• **EXERCISE GOAL**:
Once you find a line containing the word "ドリンクGET" in the entries below, copy it.

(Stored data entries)
:::::

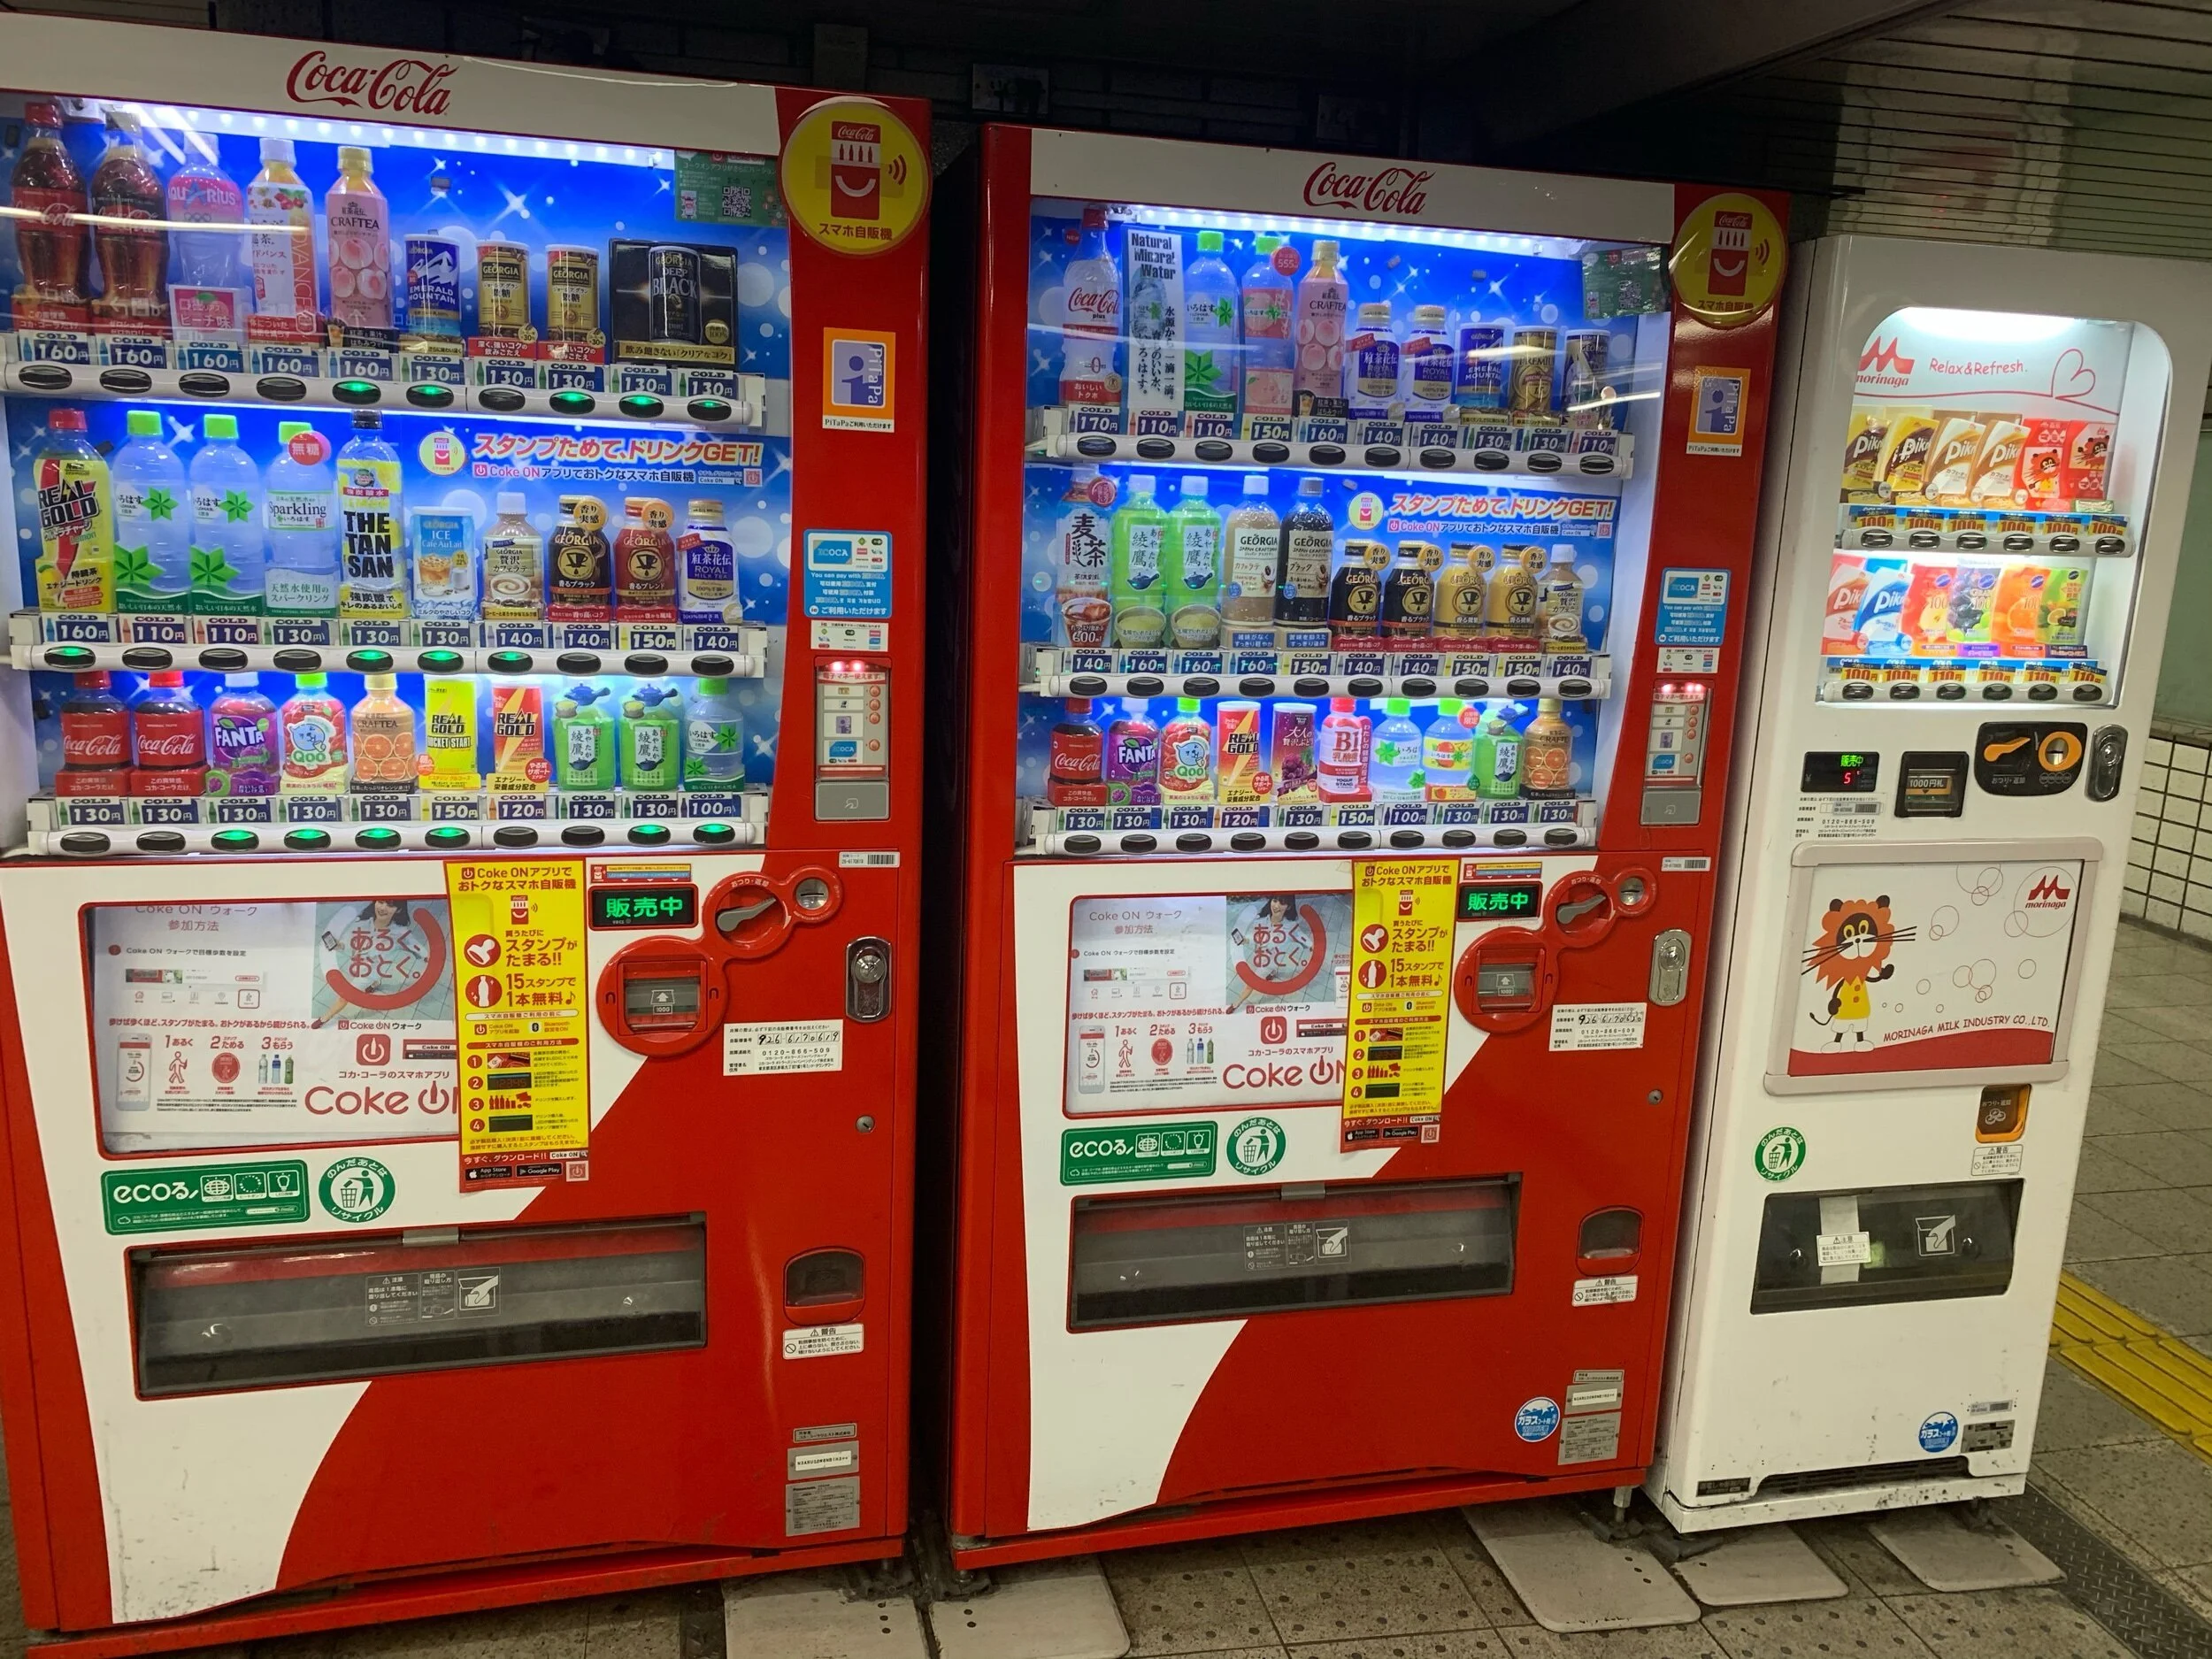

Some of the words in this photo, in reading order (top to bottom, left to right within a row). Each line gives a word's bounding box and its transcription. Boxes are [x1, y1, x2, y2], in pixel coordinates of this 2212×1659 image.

[287, 50, 459, 115] Coca-Cola
[838, 125, 876, 141] Coca-Cola
[1303, 162, 1436, 214] Coca-Cola
[331, 216, 380, 231] CRAFTEA
[819, 223, 893, 241] スマホ自販機
[1132, 234, 1172, 250] Natural
[1278, 258, 1294, 268] 555
[1141, 264, 1176, 280] Water
[410, 285, 453, 296] EMERALD
[652, 278, 697, 298] BLACK
[36, 343, 88, 361] 160円
[191, 352, 239, 369] 160円
[345, 360, 390, 377] 160円
[415, 366, 459, 381] 130円
[868, 348, 882, 403] PiTaPa
[552, 373, 595, 389] 130円
[694, 380, 733, 396] 130円
[1724, 380, 1740, 432] PiTaPa
[1079, 416, 1118, 432] 170円
[1198, 420, 1233, 436] 110円
[1310, 426, 1343, 441] 160円
[1367, 428, 1401, 442] 140円
[1479, 434, 1510, 449] 130円
[1582, 440, 1614, 452] 110円
[292, 442, 319, 456] 無糖
[473, 434, 762, 465] スタンプためて、ドリンクGET!
[269, 502, 326, 517] Sparkling
[580, 505, 597, 514] 香り
[1392, 494, 1615, 520] スタンプためて、ドリンクGET!
[344, 511, 389, 533] THE
[580, 515, 599, 524] 実感
[432, 531, 450, 540] ICE
[345, 534, 391, 554] TAN
[1133, 533, 1147, 567] 綾鷹
[692, 553, 732, 565] 紅茶花伝
[1427, 548, 1439, 557] 香り
[348, 557, 394, 578] SAN
[1425, 557, 1440, 565] 実感
[272, 584, 328, 593] 天然水使用の
[272, 594, 329, 603] スパークリング
[60, 624, 109, 640] 160円
[211, 626, 257, 641] 110円
[355, 628, 399, 643] 130円
[426, 631, 468, 645] 130円
[567, 633, 610, 647] 140円
[697, 635, 737, 649] 140円
[1075, 657, 1110, 671] 140円
[1185, 661, 1218, 673] 160円
[1292, 661, 1327, 674] 150円
[1348, 662, 1380, 674] 140円
[1455, 663, 1487, 676] 150円
[1555, 664, 1587, 676] 140円
[433, 711, 465, 725] REAL
[498, 710, 535, 726] REAL
[431, 723, 465, 734] GOLD
[497, 724, 535, 738] GOLD
[215, 726, 265, 746] FANTA
[64, 734, 121, 756] Coca-Cola
[138, 734, 196, 756] Coca-Cola
[638, 730, 651, 758] 綾鷹
[292, 750, 326, 763] Qoo
[1840, 755, 1863, 767] 販売中
[1176, 765, 1204, 777] Qoo
[1909, 779, 1944, 787] 1000円札
[73, 808, 121, 821] 130円
[222, 808, 266, 822] 130円
[365, 804, 407, 818] 130円
[435, 804, 478, 818] 150円
[573, 804, 614, 818] 130円
[691, 802, 733, 816] 100円
[1446, 810, 1479, 822] 130円
[1542, 809, 1573, 820] 130円
[1068, 817, 1103, 827] 130円
[1173, 815, 1206, 826] 130円
[1288, 814, 1320, 825] 130円
[1340, 812, 1373, 824] 150円
[457, 879, 576, 891] おトクなスマホ自販機
[1362, 876, 1452, 887] おトクなスマホ自販機
[606, 896, 683, 918] 販売中
[1468, 893, 1528, 910] 販売中
[2025, 900, 2066, 910] morinaga
[1089, 911, 1119, 921] Coke
[1123, 911, 1140, 920] ON
[1146, 910, 1181, 919] ウォーク
[168, 920, 219, 932] 参加方法
[1115, 926, 1153, 934] 参加方法
[349, 928, 421, 952] あるく、
[1253, 924, 1307, 944] あるく、
[1393, 928, 1448, 941] スタンプが
[506, 937, 577, 952] スタンプが
[506, 953, 561, 966] たまる!!
[1253, 947, 1307, 967] おとく。
[349, 955, 421, 979] おとく。
[1391, 958, 1444, 972] 15スタンプで
[506, 973, 576, 989] 15スタンプで
[1883, 1025, 1933, 1042] MORINAGA
[1937, 1021, 1960, 1032] MILK
[1963, 1015, 2010, 1027] INDUSTRY
[1248, 1047, 1333, 1056] コカ・コーラのスマホアプリ
[339, 1071, 449, 1079] コカ・コーラのスマホアプリ
[1223, 1064, 1302, 1089] Coke
[1233, 1118, 1281, 1138] のんだあとは
[1761, 1128, 1805, 1148] のんだあとは
[465, 1153, 547, 1164] 今すぐ、ダウンロード!!
[326, 1159, 388, 1179] のんだあとは
[1234, 1159, 1277, 1174] リサイクル
[1760, 1164, 1798, 1180] リサイクル
[331, 1205, 385, 1222] リサイクル
[1517, 1416, 1538, 1425] ガラス
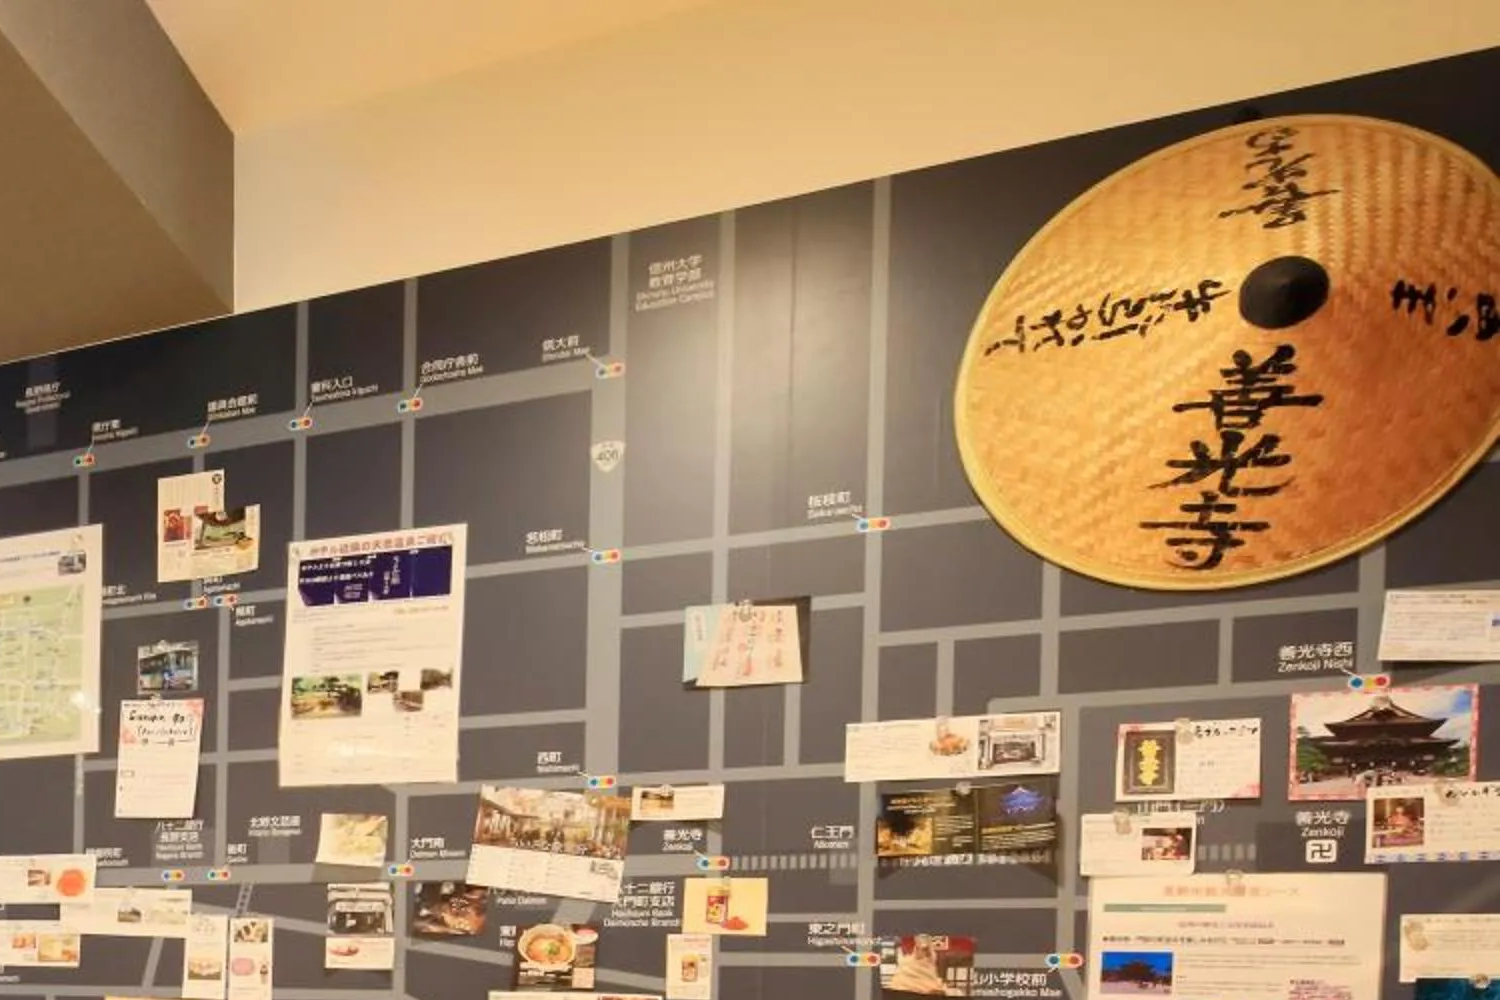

:::::

• **REPLY TO THE EXERCISE**:
[473, 434, 762, 465] スタンプためて、ドリンクGET!
[1392, 494, 1615, 520] スタンプためて、ドリンクGET!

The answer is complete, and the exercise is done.